A valid estate plan expresses the wishes of the deceased in terms of property and assets. However, families in Illinois sometimes find fault with the contents of a will, and as a result they may choose to contest it. This is a time-consuming and expensive process, so before proceeding it’s best to understand all that’s involved.
According to The Balance, only certain people are able to contest a will. For instance, if you were named as a beneficiary or an executor in a prior will and struck from the most recent iteration, you have legal standing. Eligible heirs not included within a will are also able to initiate a lawsuit. Eligible heirs are spouses, children, and then parents, siblings, and other relatives.

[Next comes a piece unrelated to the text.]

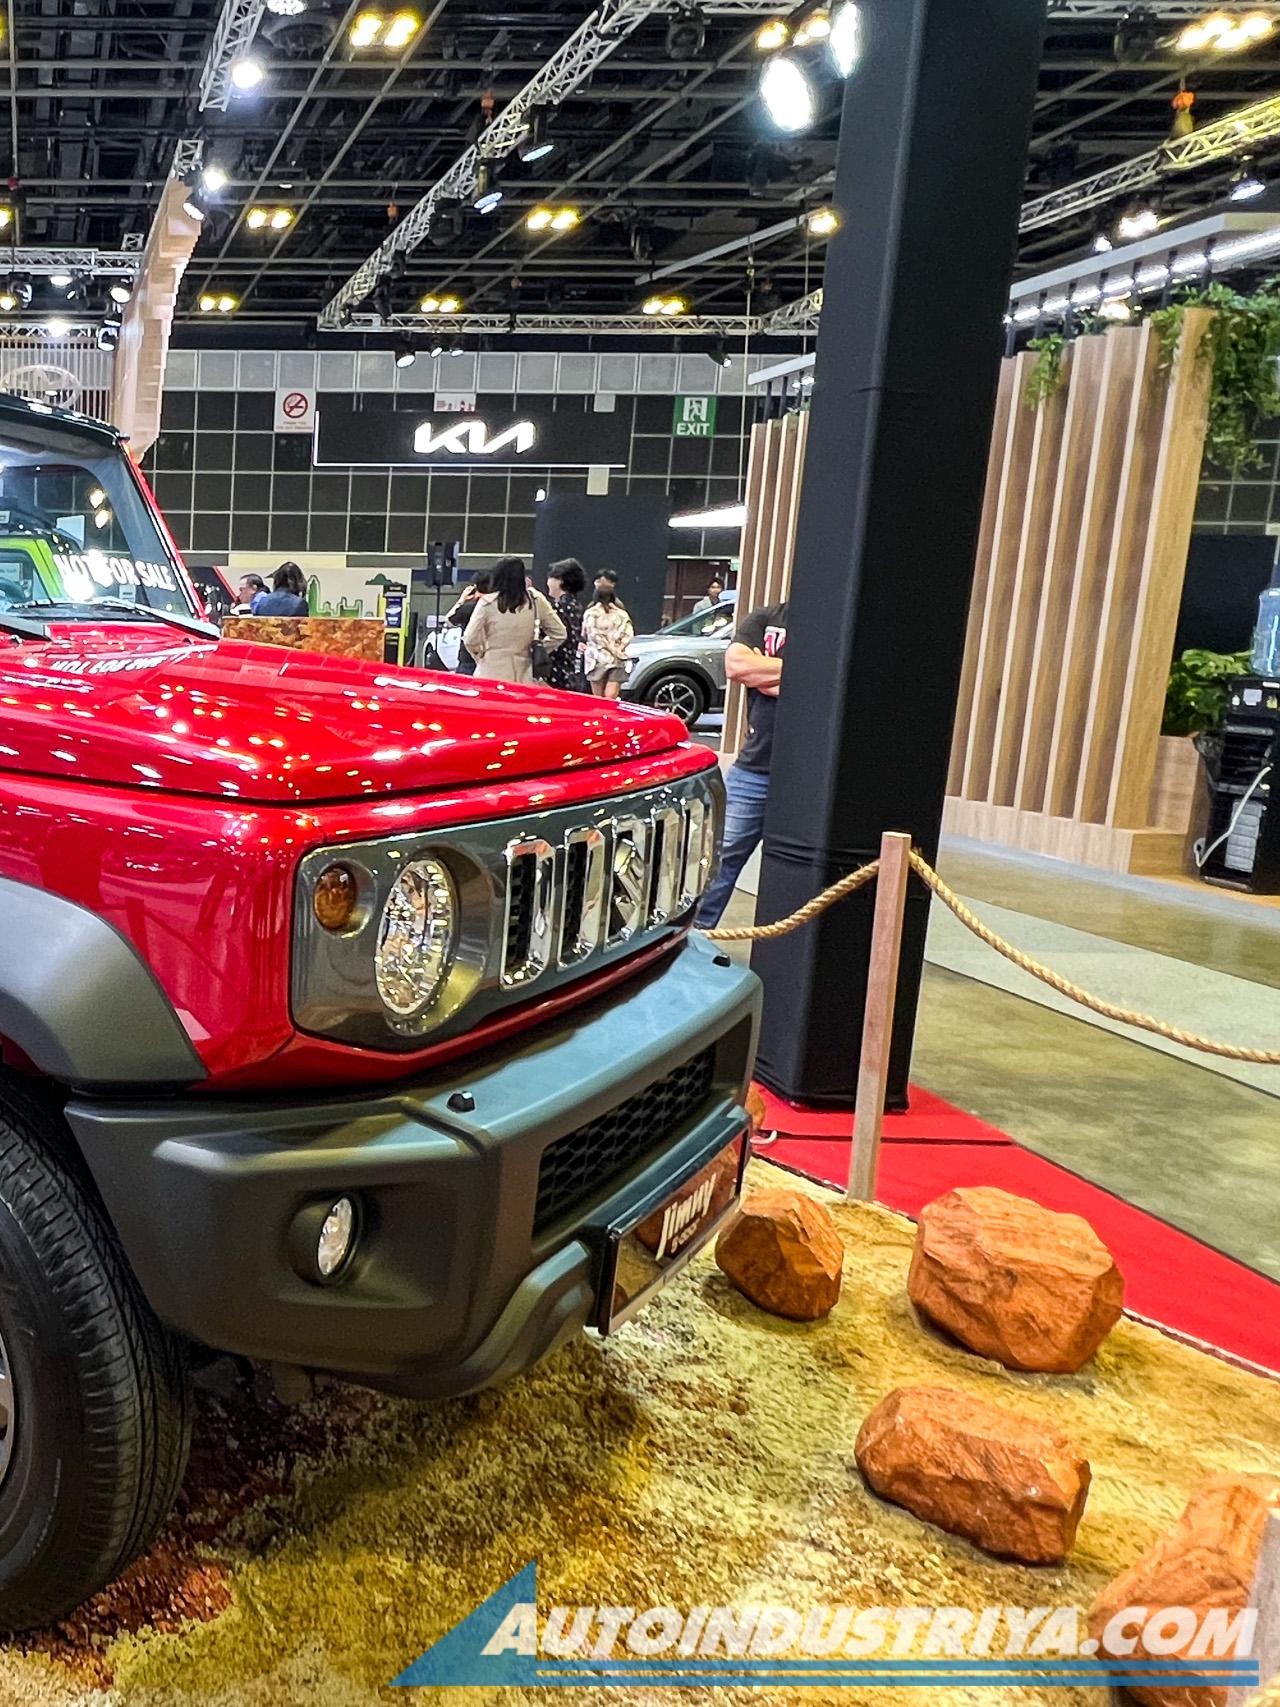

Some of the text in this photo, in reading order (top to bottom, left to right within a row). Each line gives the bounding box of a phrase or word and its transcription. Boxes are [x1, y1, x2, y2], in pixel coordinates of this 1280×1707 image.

You must also have grounds for contesting a will. This usually involves four situations. A will can be legally invalid, the person who created the will may have mentally incapacitated, or under undue pressure, and lastly the will could be fraudulent. Self-written wills can be called into question regarding their legality, as pertinent state laws may have been neglected. If the deceased was isolated from friends and family by the primary beneficiary, they can claim undue influence. An attorney’s assistance establishing grounds is a must, as it can be hard to prove these conditions in court.
Lastly, you must file your lawsuit within the time specified by the laws in your state. Deadlines can vary quite a bit, with some being as short as a few weeks. In Illinois, those contesting a will have six months to file so that the administration of the estate can be expedited in a timely manner. Otherwise, the courts fear that estate could be tied up indefinitely in case someone should choose to file a will contest.